'There's really no excuse': 'The View' reacts to report Ivanka Trump sent hundreds of emails from private account
"She’s pleading ignorance to the rules," Sunny Hostin said.
Ivanka Trump, daughter and senior adviser to President Donald Trump, sent hundreds of emails using a personal account, according to a Washington Post story published Monday.
During his 2016 campaign for president, her father relentlessly condemned Hillary Clinton for a similar offense -- using a private email server -- and called for the former secretary of state to be jailed.
On "The View" Tuesday, Whoopi Goldberg suggested instead both women used private emails because guidelines for government email use were too vague.
Joy Behar pushed back, citing the report that she sent emails throughout the year after her father was elected: "So there’s really no excuse."
A spokesman for Ivanka Trump's lawyer, Abbe Lowell, didn't dispute the report.
"While transitioning into government... Ms. Trump sometimes used her private account, almost always for logistics and scheduling concerning her family," spokesman Peter Mirijanian said in a statement.

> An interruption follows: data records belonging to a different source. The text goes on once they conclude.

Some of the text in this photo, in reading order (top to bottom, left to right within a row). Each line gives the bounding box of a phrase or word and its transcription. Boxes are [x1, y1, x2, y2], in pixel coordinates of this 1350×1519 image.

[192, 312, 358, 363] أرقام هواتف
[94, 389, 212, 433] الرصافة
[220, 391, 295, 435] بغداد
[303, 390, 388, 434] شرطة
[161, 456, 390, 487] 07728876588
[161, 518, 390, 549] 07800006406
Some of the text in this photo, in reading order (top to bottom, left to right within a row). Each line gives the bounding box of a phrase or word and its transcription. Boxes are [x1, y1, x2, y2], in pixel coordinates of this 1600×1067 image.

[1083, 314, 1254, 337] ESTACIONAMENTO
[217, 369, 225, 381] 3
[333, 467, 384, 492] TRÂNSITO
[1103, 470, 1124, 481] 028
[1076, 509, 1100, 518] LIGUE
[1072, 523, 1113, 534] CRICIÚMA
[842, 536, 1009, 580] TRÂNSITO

Mirijanian also told The Washington Post none of her messages contained classified information, and that she had turned over all government-related emails months ago to be stored permanently with other White House records.

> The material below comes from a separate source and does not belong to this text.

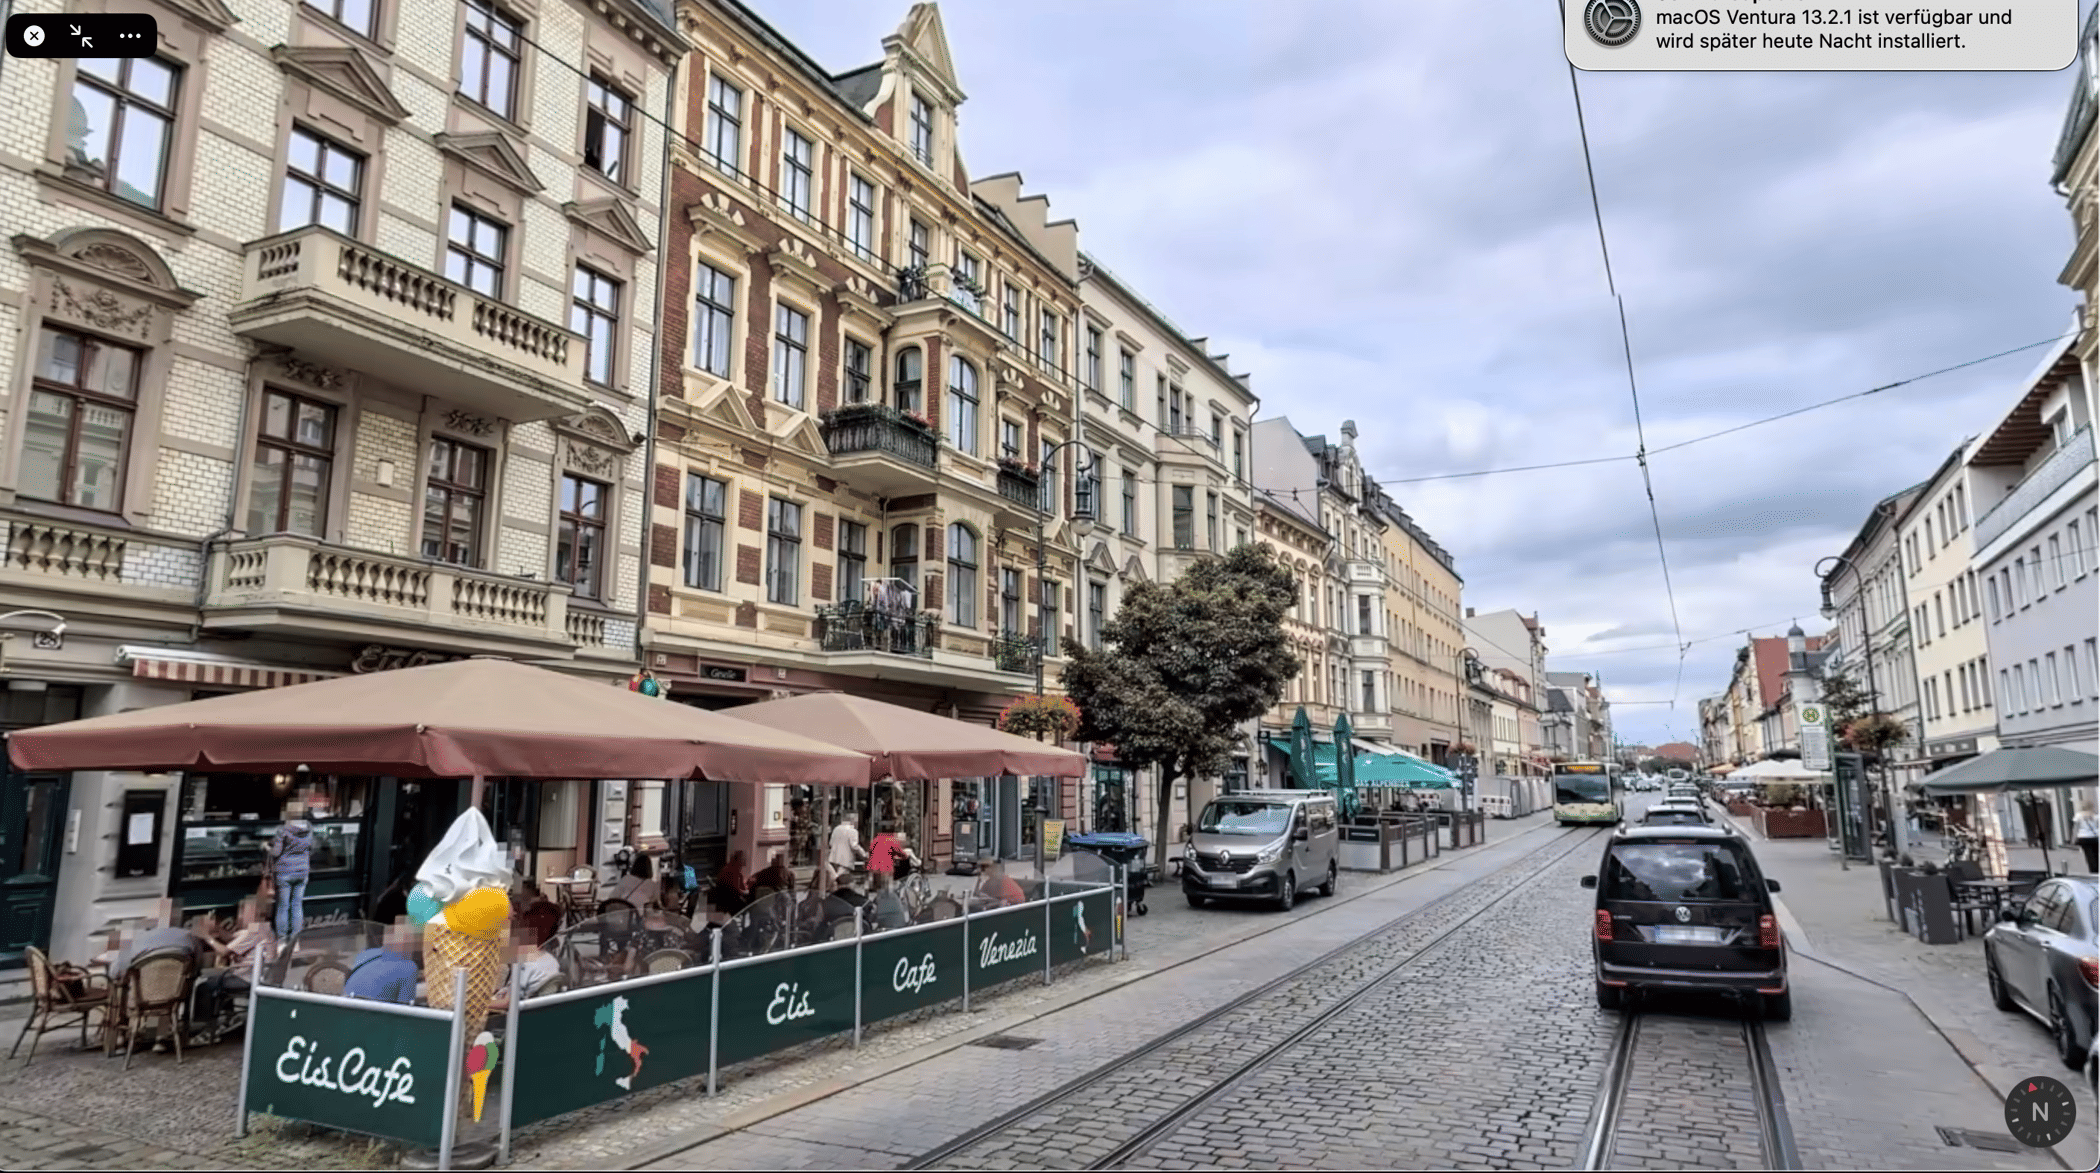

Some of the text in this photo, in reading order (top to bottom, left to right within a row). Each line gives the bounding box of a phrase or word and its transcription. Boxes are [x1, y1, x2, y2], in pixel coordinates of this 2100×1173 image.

[766, 929, 1037, 1025] Eis Cafe Venezia

According to the Washington Post, Trump said she was not familiar with some details of the guidelines for email use.
"She’s pleading ignorance to the rules," Sunny Hostin said.

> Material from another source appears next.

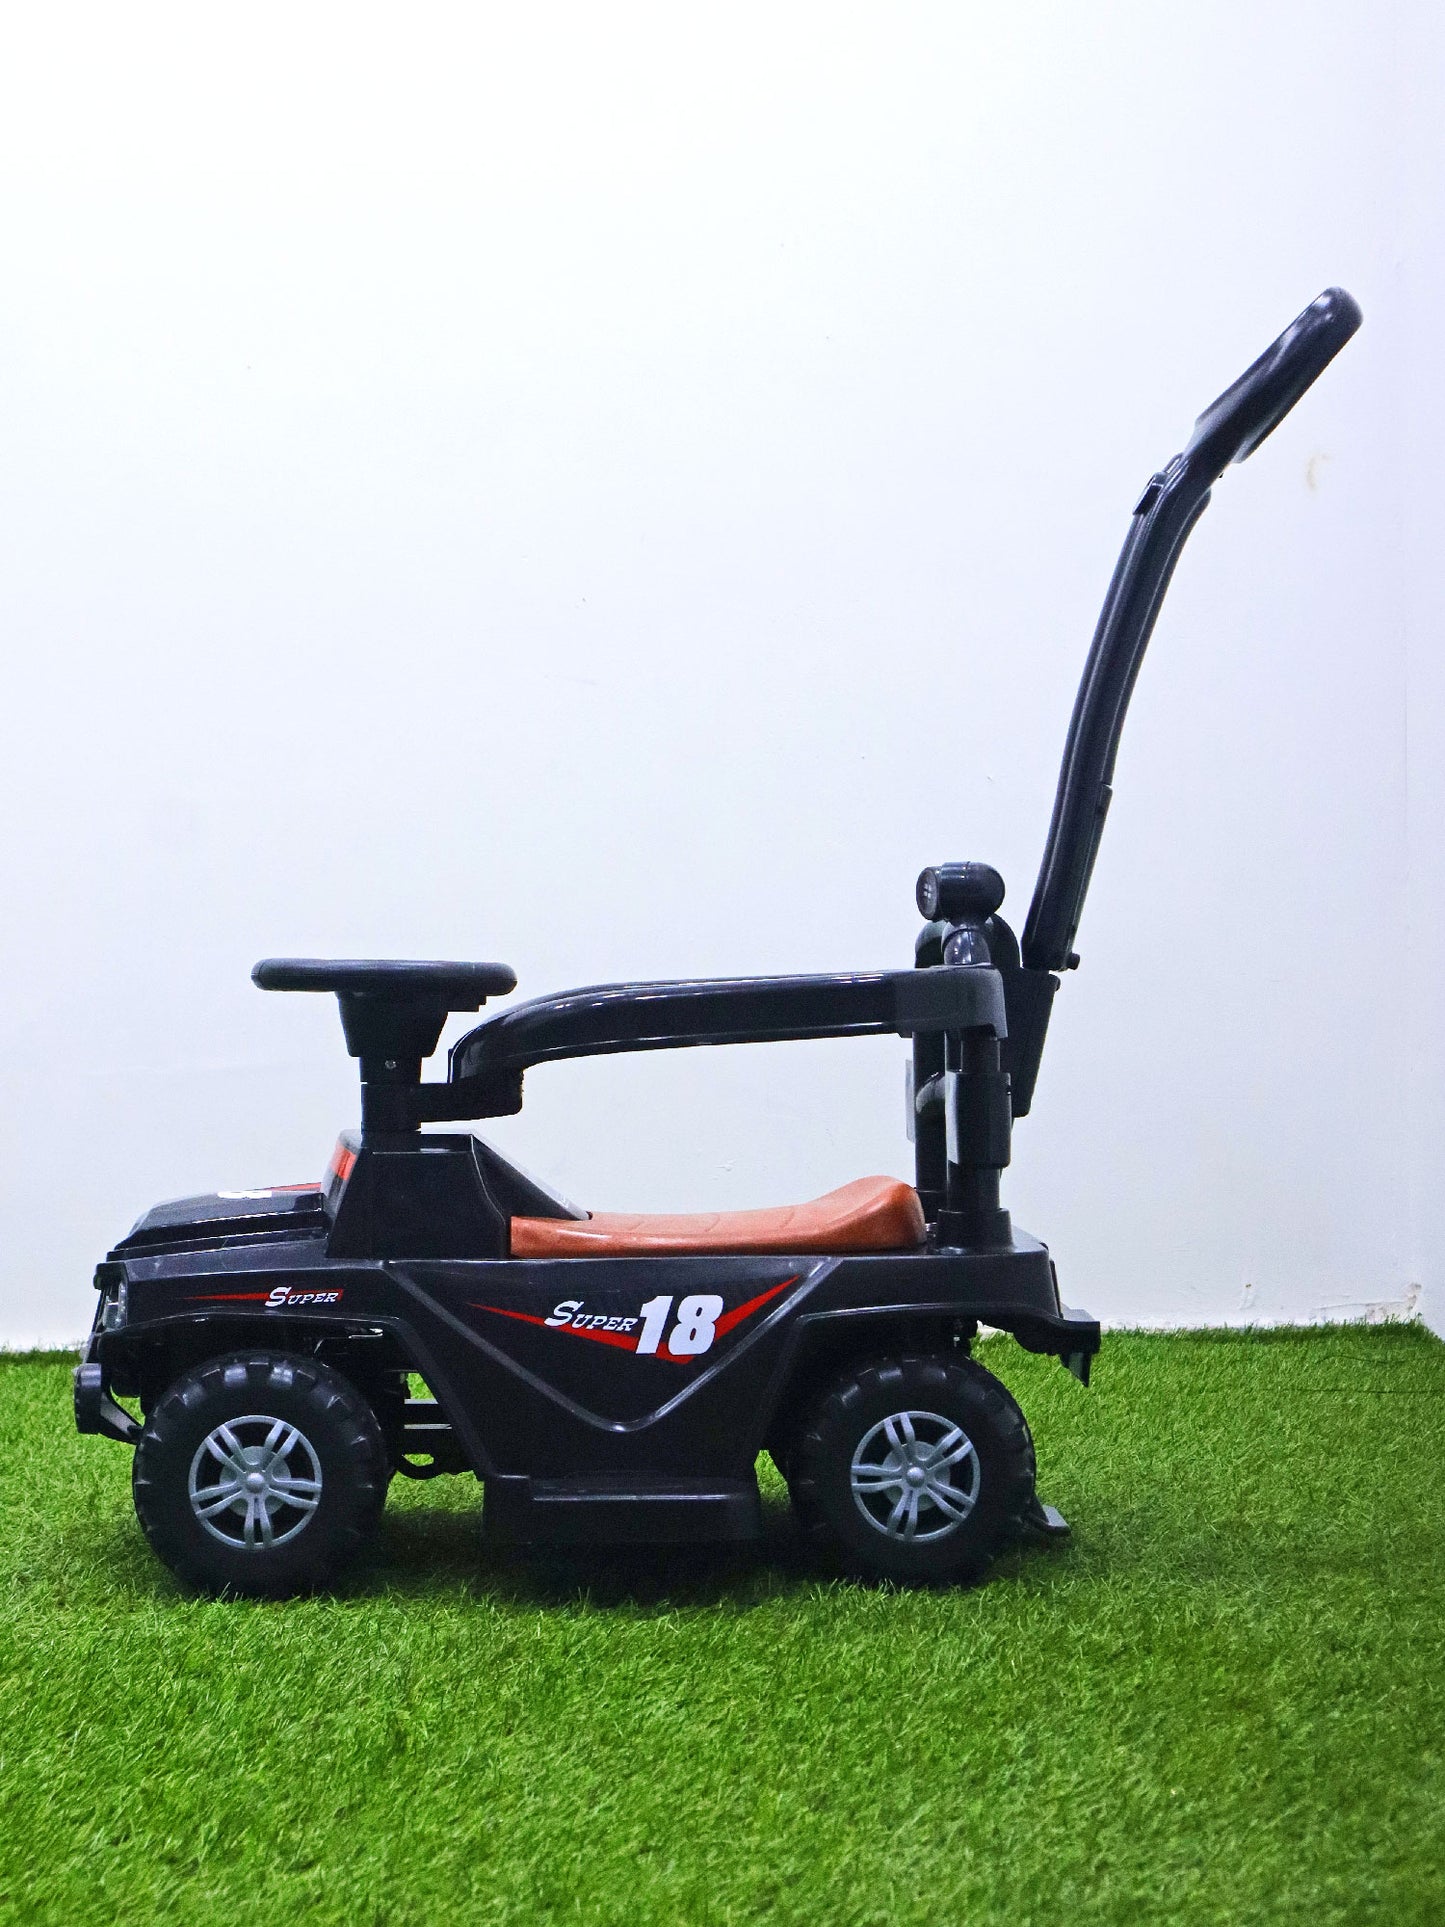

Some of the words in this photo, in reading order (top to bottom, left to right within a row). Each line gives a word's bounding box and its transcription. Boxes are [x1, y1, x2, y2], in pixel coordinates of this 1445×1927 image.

Hostin noted that while she herself never worked in the White House, during her seven years at the Department of Justice the rules about email use was made very clear to her: "It’s one of the first things they tell you… it’s why to this very day I have a personal email and a [work] email."
Abby Huntsman said she believes there’s no "gray area" in email use for federal employees.
"The biggest threat to our democracy and to our elections. ... are the Russians, are the Chinese, people who are trying to hack into our systems, into our emails," Huntsman said.
Huntsman added that from her personally interactions with Ivanka Trump, "she’s as scripted as they come," so if Democrats decide to investigate, "there’s really gonna be nothing there. I would be shocked if there was."
Meghan McCain said Trump "should know the difference" in email guidelines simply because of her dad’s 2016 tagline against Clinton: "Do I think it’s hypocritical? 100 percent. Do I think she should’ve known better? 100 percent."
However, she pointed to Clinton’s scandal to differentiate the circumstances, referencing Former FBI Director James Comey's testimony in July 2016 that Clinton had directed “technical people” to delete her personal emails -- and FBI records showing an aide “did recall two instances where he destroyed Clinton’s old mobile devices by …. hitting them with a hammer.”
"That is a different thing," McCain said.
Clinton told reporters in March of 2015 there were more than 30,000 emails deleted "because they were personal and private about matters that I believed were within the scope of my personal privacy.”
McCain said the Clinton controversy shouldn’t necessarily be the focus of America’s attention either.
“When you hear a car alarm going off each day, you get desensitized to what’s really important," she continued. "What we should be most fearful of is the fact that our president is still using his personal phone. I care about that much more than I care about this with Ivanka."